In the records below, print each line exactly and leave every image out.

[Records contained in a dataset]
=== Begin Enclosure ===

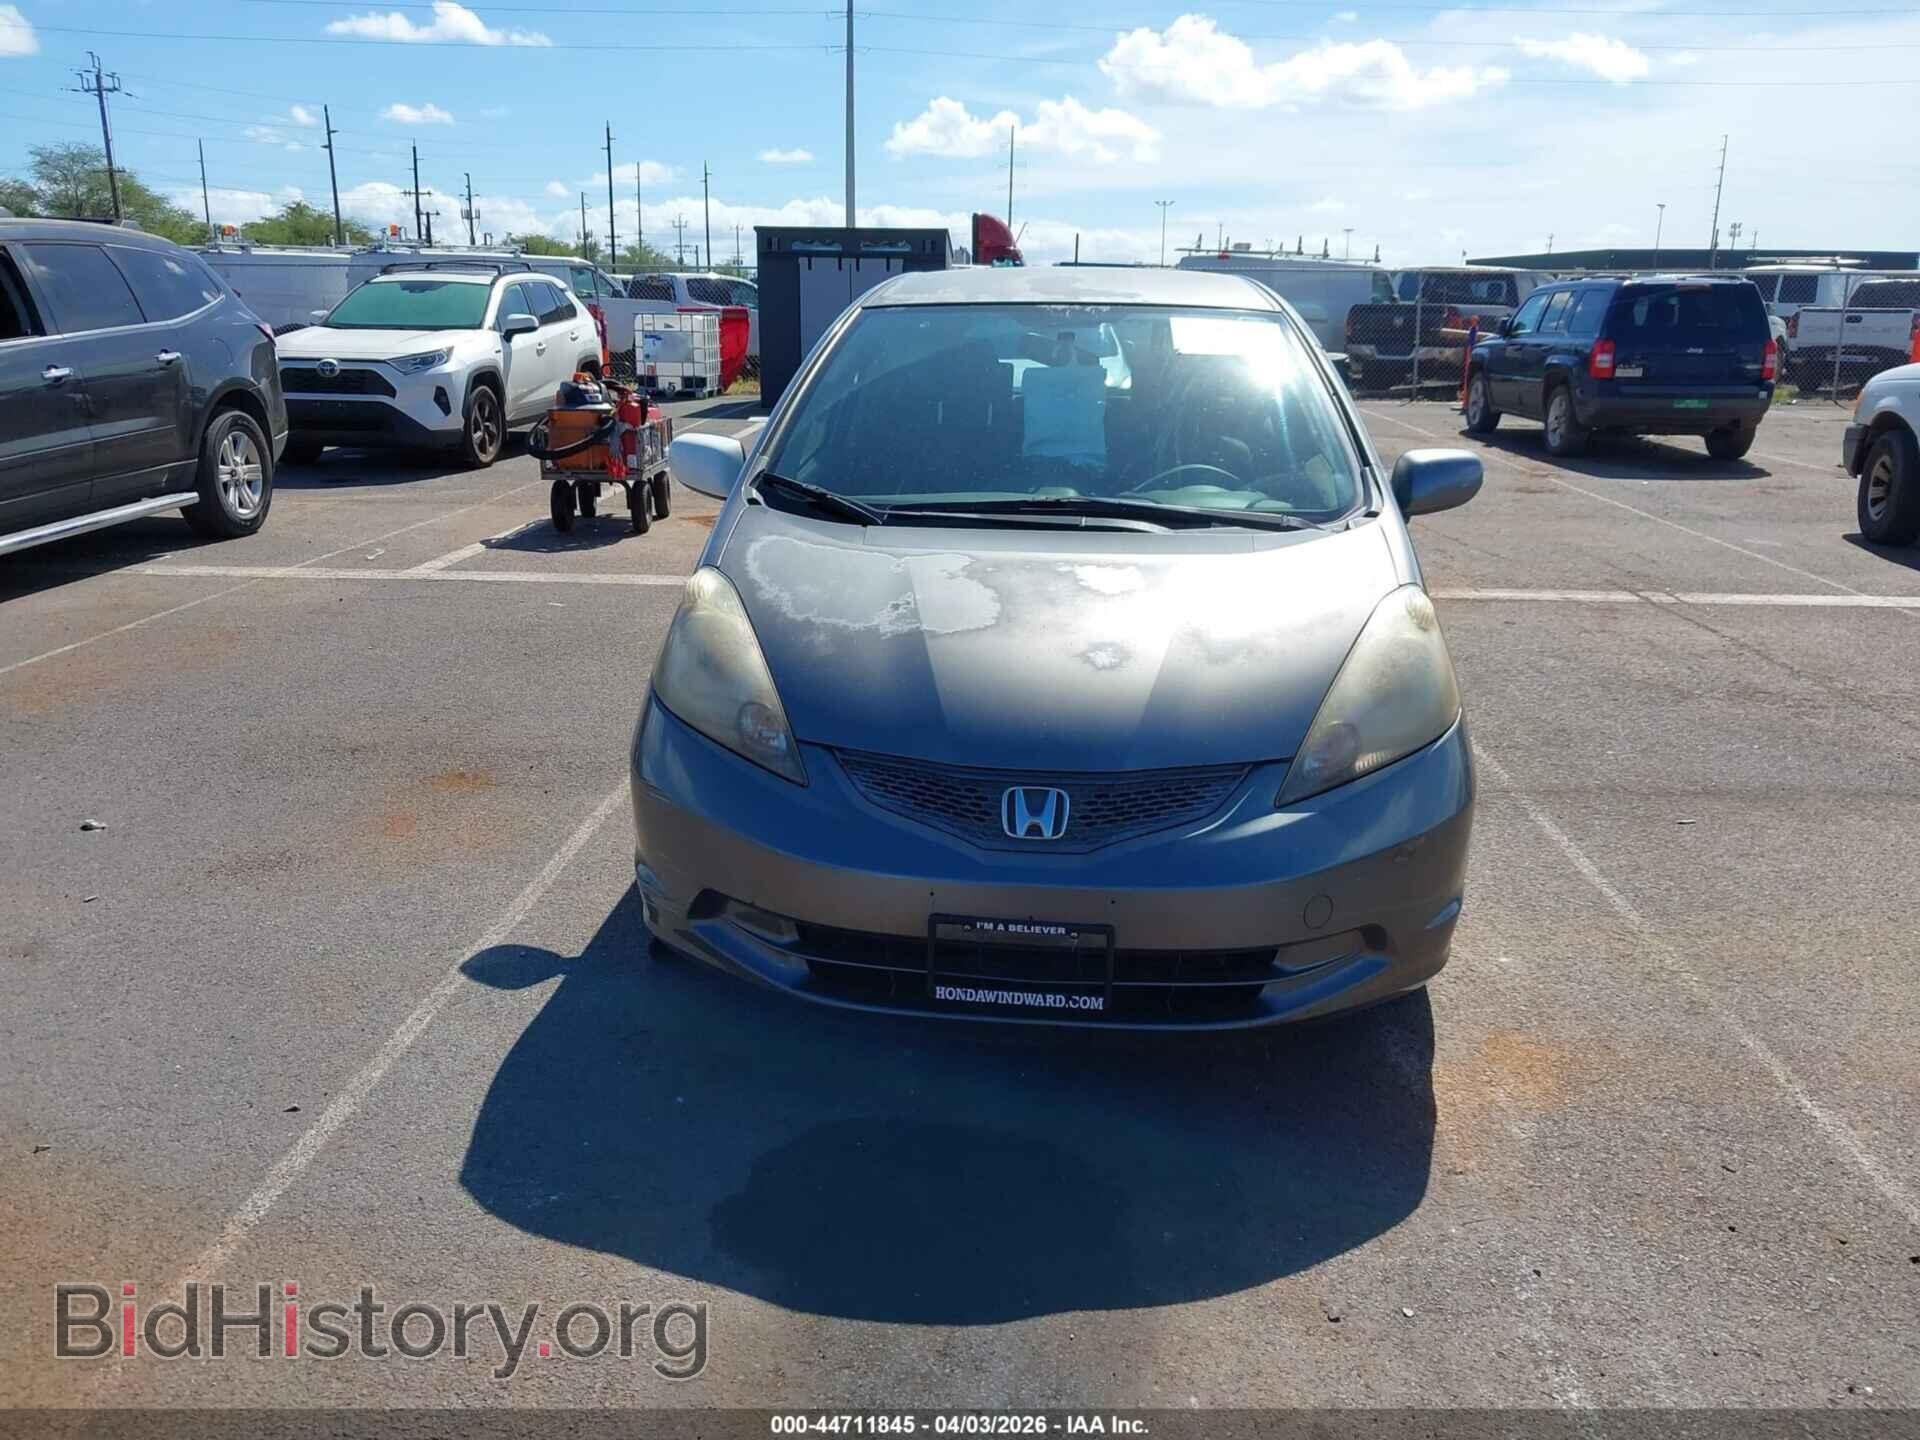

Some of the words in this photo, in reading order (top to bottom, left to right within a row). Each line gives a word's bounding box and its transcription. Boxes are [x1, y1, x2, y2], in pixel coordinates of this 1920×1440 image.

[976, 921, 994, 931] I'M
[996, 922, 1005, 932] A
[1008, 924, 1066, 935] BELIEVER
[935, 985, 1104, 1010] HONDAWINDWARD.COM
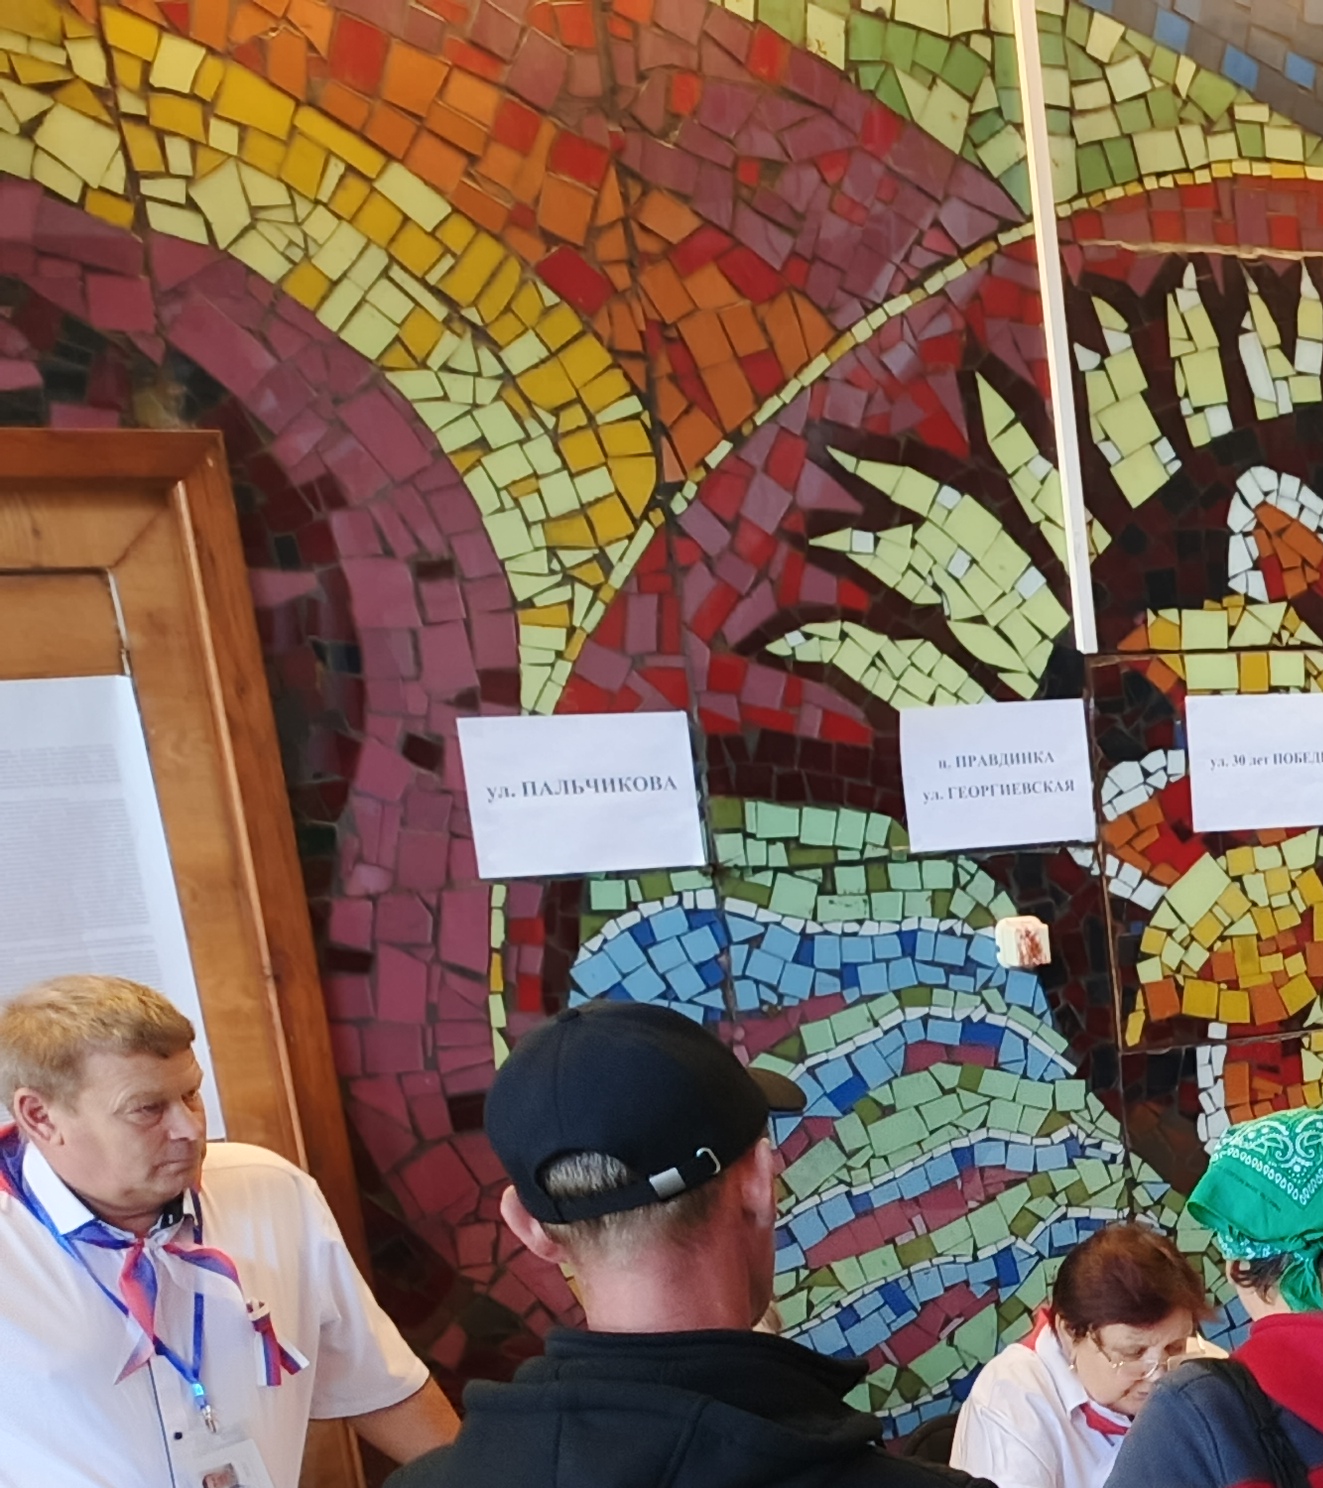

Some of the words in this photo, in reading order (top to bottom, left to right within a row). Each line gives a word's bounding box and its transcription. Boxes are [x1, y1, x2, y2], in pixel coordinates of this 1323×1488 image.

=== End Enclosure ===

Answer box >>
Some of the words in this photo, in reading order (top to bottom, left to right within a row). Each line gives a word's bounding box and its transcription. Boxes are [x1, y1, x2, y2], in pixel coordinates of this 1920×1440 image.

[976, 921, 994, 931] I'M
[996, 922, 1005, 932] A
[1008, 924, 1066, 935] BELIEVER
[935, 985, 1104, 1010] HONDAWINDWARD.COM

Some of the words in this photo, in reading order (top to bottom, left to right within a row). Each line gives a word's bounding box and its transcription. Boxes are [x1, y1, x2, y2], in pixel coordinates of this 1323×1488 image.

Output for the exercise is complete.